Weitere Überlegungen der FDP: eine Abschaffung des Entwicklungsministeriums sowie keine staatlichen Beteiligungen an Rüstungsunternehmen - gerade dieser Vorschlag bietet Konfliktpotenzial mit den Ampelpartnern. Denn im Wirtschafts- und Verteidigungsministerium liebäugelt man mit einem direkten staatlichen Einstieg in wichtige Unternehmen, um den Rüstungshochlauf zu beschleunigen. Eine dankbare Reibungsfläche für die Liberalen, die grundsätzlich lieber weniger als mehr Staat wollen.
Die Angst vor der Fünf-Prozent-Hürde
Politikwissenschaftler Marc Debus von der Universität Mannheim sieht in den Vorstößen vor allem Profilsschärfungsversuche vor den drei Landtagswahlen im Osten.
Anhänger, die ohnehin nicht glücklich mit der Ampelpolitik sind, müsste man zumindest "bei der Stange halten", sagt Debus. Das Papier zur Verkehrspolitik sei so ein Versuch, eigene Anhänger wieder dafür zu gewinnen, für die Partei zu stimmen.
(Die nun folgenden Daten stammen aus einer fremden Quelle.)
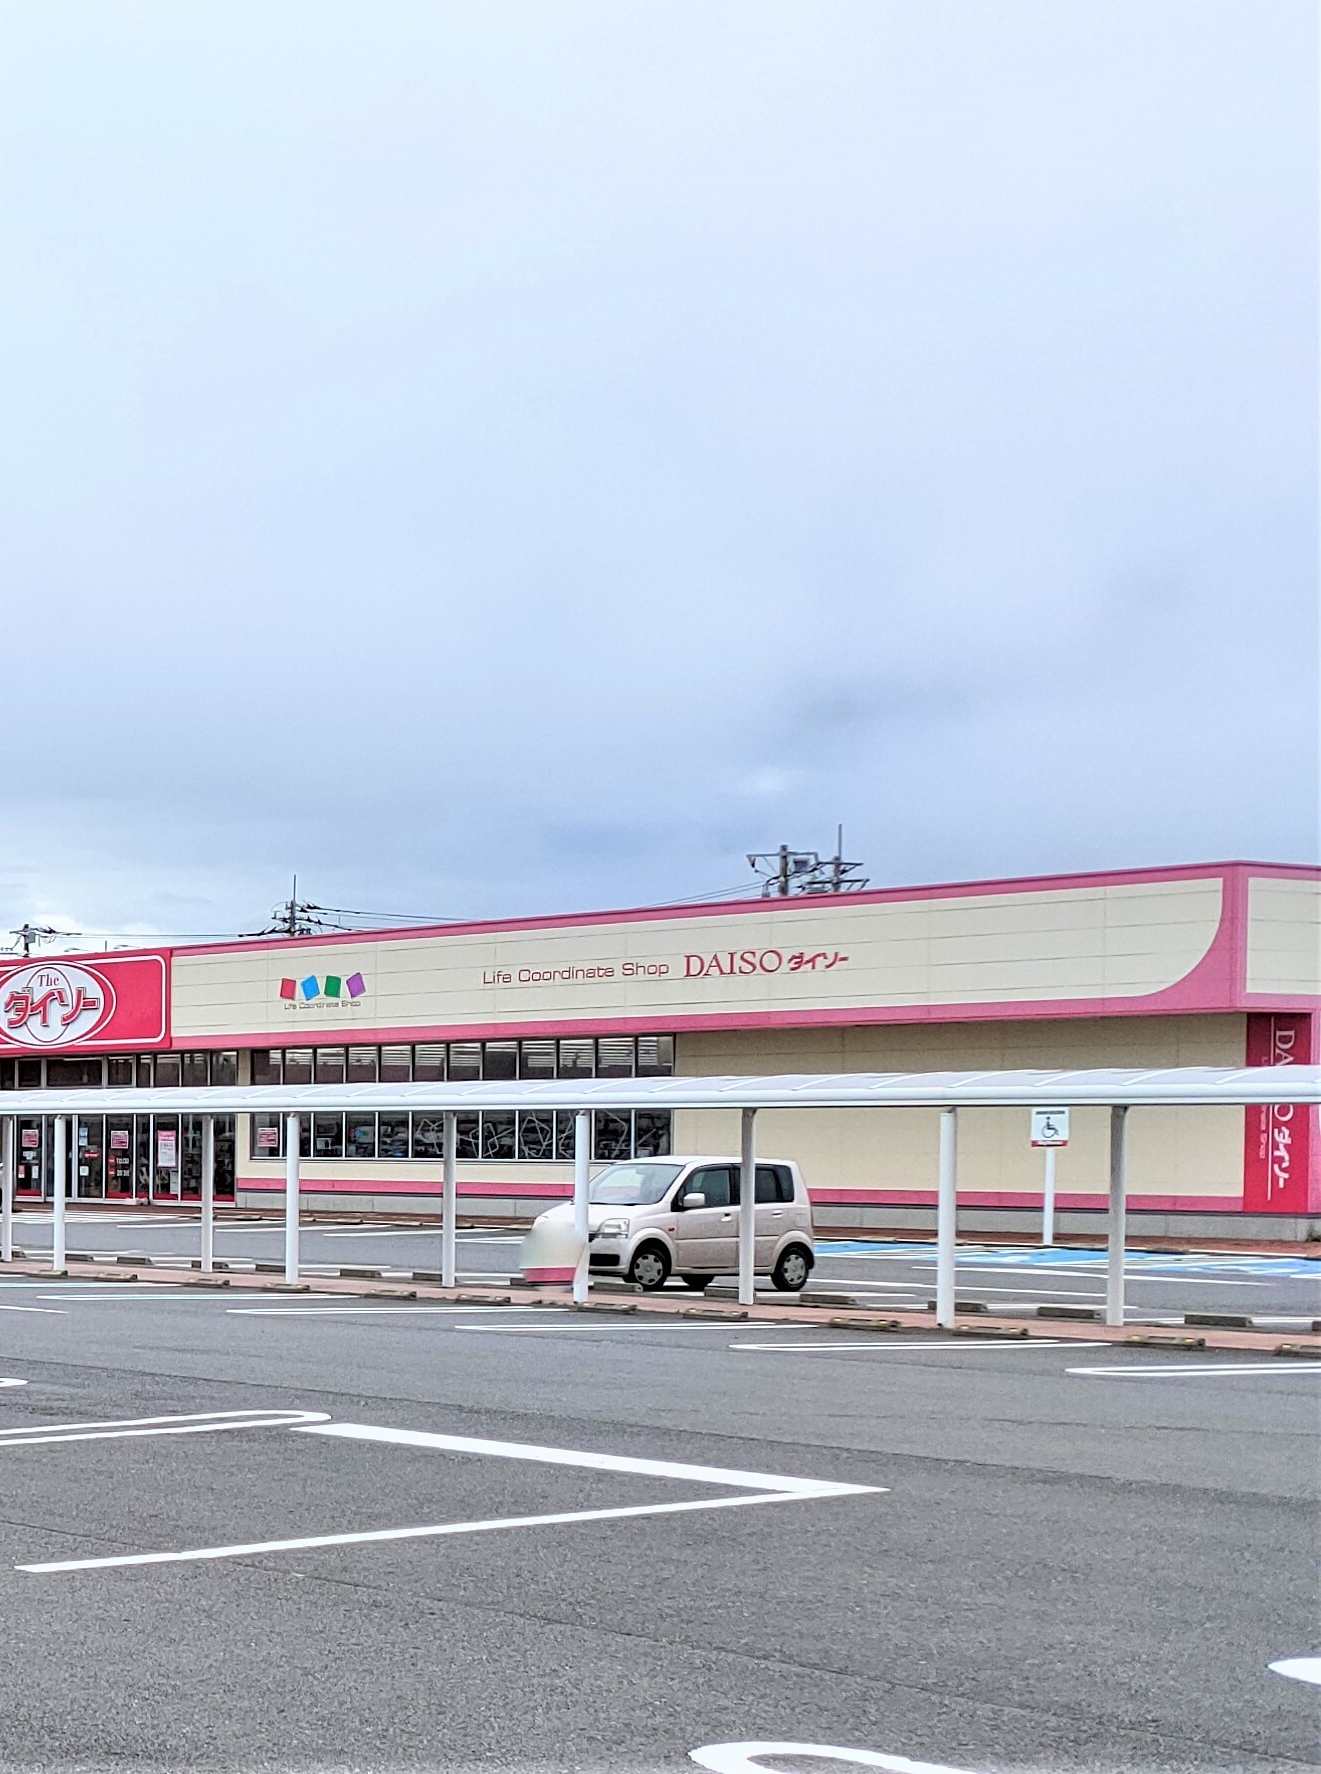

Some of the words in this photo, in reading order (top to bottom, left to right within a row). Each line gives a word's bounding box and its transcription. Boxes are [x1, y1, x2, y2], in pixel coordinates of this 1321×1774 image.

[38, 973, 60, 988] The
[483, 970, 512, 985] Life
[518, 965, 615, 983] Coordinate
[621, 962, 669, 978] Shop
[684, 949, 783, 978] DAISO
[787, 951, 850, 972] ダイソー
[4, 986, 100, 1029] ダイソー
[1273, 1126, 1292, 1188] ダイソー
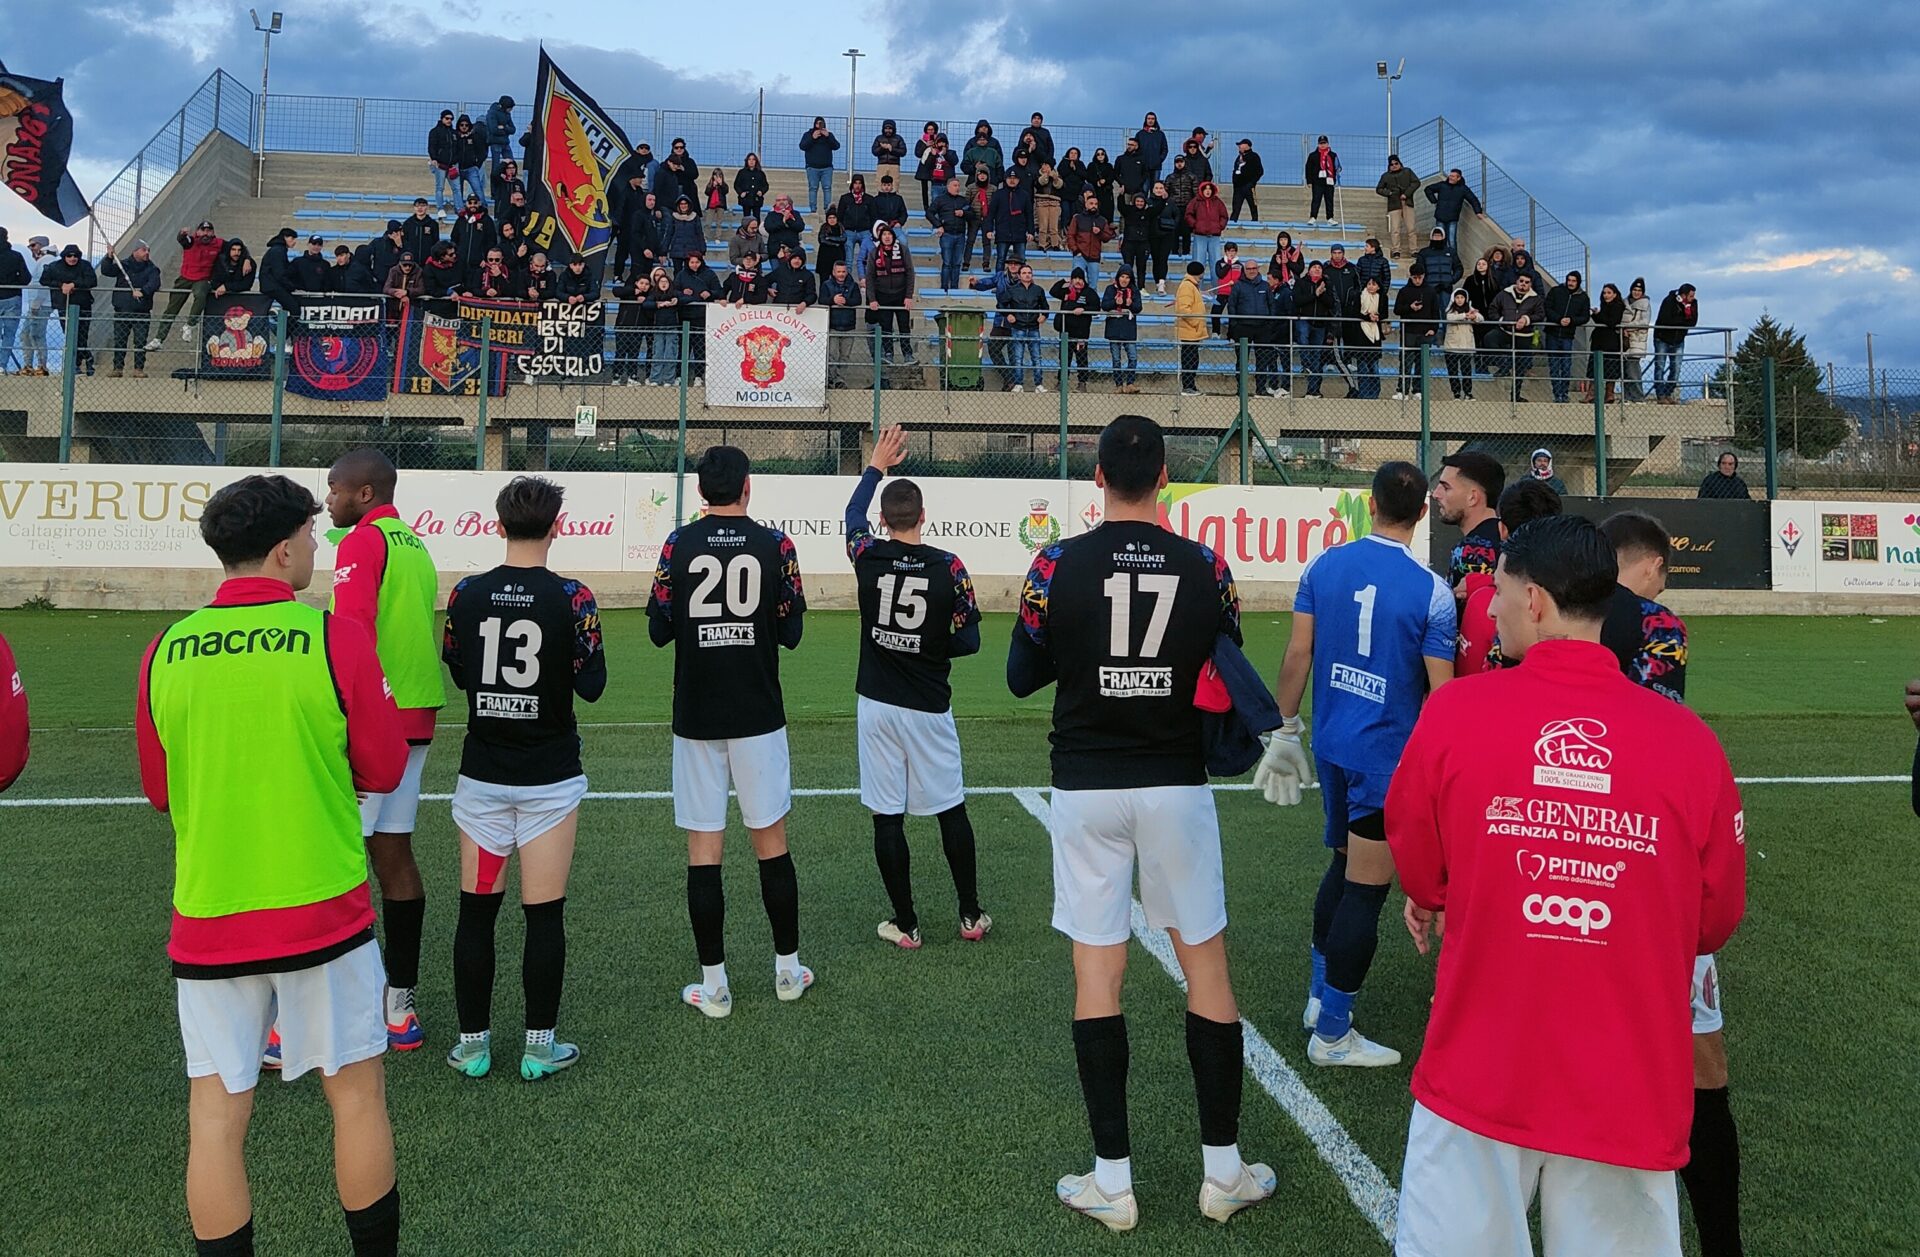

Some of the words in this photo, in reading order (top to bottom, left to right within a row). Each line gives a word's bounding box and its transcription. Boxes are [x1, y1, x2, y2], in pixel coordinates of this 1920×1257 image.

[522, 212, 556, 249] 19
[301, 305, 379, 320] IFFIDATI
[541, 302, 601, 321] TRAS
[471, 325, 523, 344] LBERI
[538, 320, 585, 337] IBERI
[713, 317, 737, 341] FIGLI
[739, 311, 773, 322] DELLA
[776, 312, 817, 343] CONTEA
[544, 337, 563, 353] DI
[517, 354, 602, 376] ESSERLO
[411, 376, 432, 393] 19
[736, 391, 792, 402] MODICA
[8, 524, 107, 539] Caltagirone
[113, 524, 158, 539] Sicily
[165, 525, 200, 540] Italy
[409, 509, 446, 537] La
[757, 520, 831, 536] OMUNE
[97, 541, 130, 551] 0933
[1113, 553, 1165, 562] ECCELLENZE
[688, 554, 761, 618] 20
[491, 592, 534, 602] ECCELLENZE
[877, 573, 929, 630] 15
[1104, 572, 1181, 658] 17
[1354, 584, 1377, 658] 1
[698, 623, 755, 640] FRANZY'S
[872, 627, 921, 648] FRANZY'S
[167, 628, 311, 664] macron
[479, 617, 542, 688] 13
[1099, 666, 1173, 689] FRANZY'S
[1331, 662, 1387, 697] FRANZY'S
[476, 692, 539, 713] FRANZY'S
[1541, 734, 1610, 769] Etna
[1540, 776, 1560, 784] 100%
[1562, 779, 1604, 790] SICILIANO
[1527, 799, 1660, 841] GENERALI
[1487, 823, 1558, 840] AGENZIA
[1563, 830, 1581, 843] DI
[1585, 833, 1657, 856] MODICA
[1548, 874, 1570, 882] centro
[1571, 877, 1616, 889] odontoiatrico
[1522, 894, 1611, 935] coop
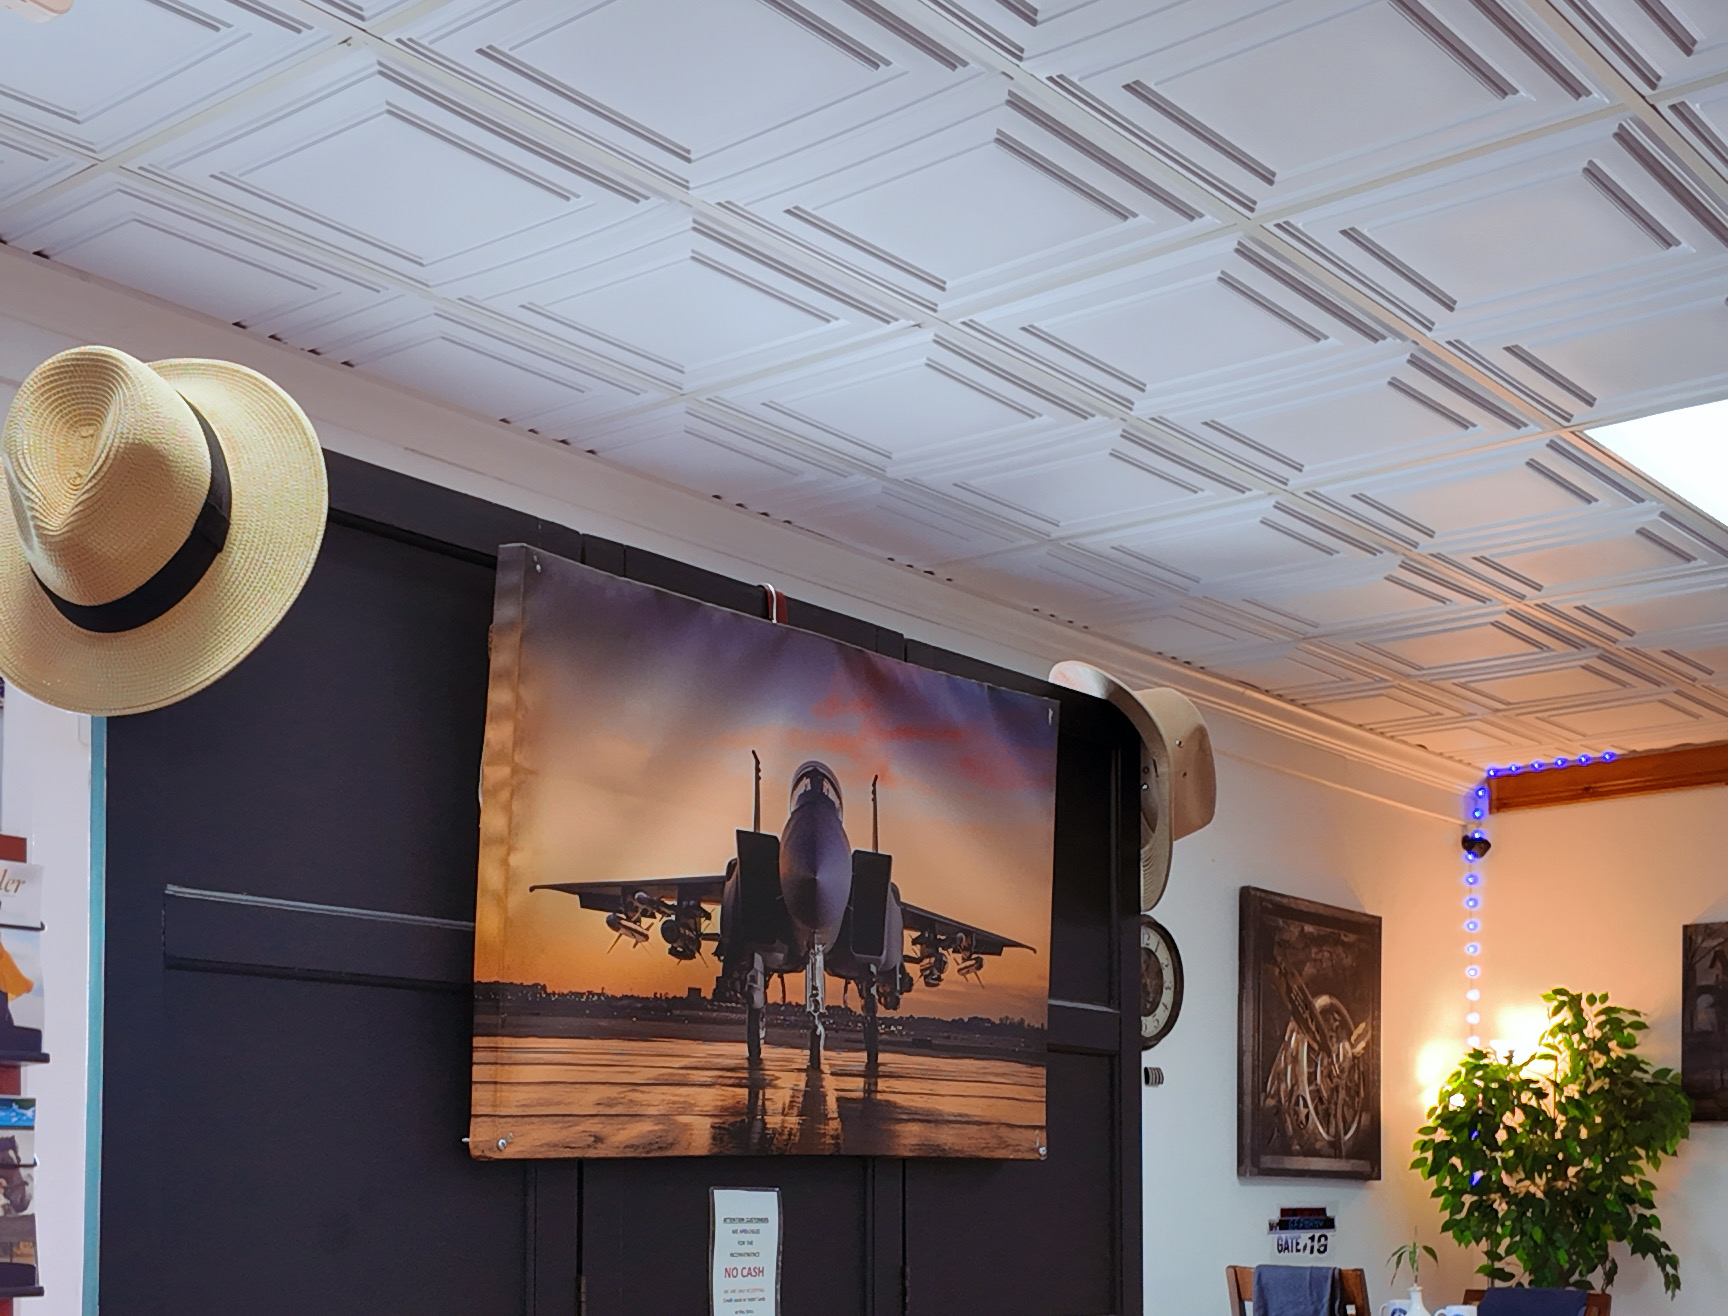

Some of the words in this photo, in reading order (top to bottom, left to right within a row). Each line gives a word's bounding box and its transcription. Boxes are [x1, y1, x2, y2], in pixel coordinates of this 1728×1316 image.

Die Strategie hält der Politikwissenschaftler jedoch für nicht ganz ungefährlich. Die Gefahr sei groß, dass solche "massiven Unterschiede" in zentralen Politikfeldern wie Verkehrspolitik, Infrastrukturpolitik, Klima- und Energiepolitik dazu führten, dass die Bundesregierung insgesamt destabilisiert wird. Dies sei ohnehin schon der Fall gewesen durch den andauernden Haushaltsstreit. Die FDP versuche das nun "aufzukochen", um vor den Landtagswahlen Wähler zu überzeugen, die mit der Ampelpolitik unzufrieden sind.
Ob es der FDP tatsächlich den ersehnten Erfolg bringen wird? Antworten auf diese Frage werden die Landtagswahlen in Brandenburg, Sachsen und Thüringen liefern. In Umfragen liegt die FDP derzeit in keinem der Länder oberhalb der Fünf-Prozent-Hürde.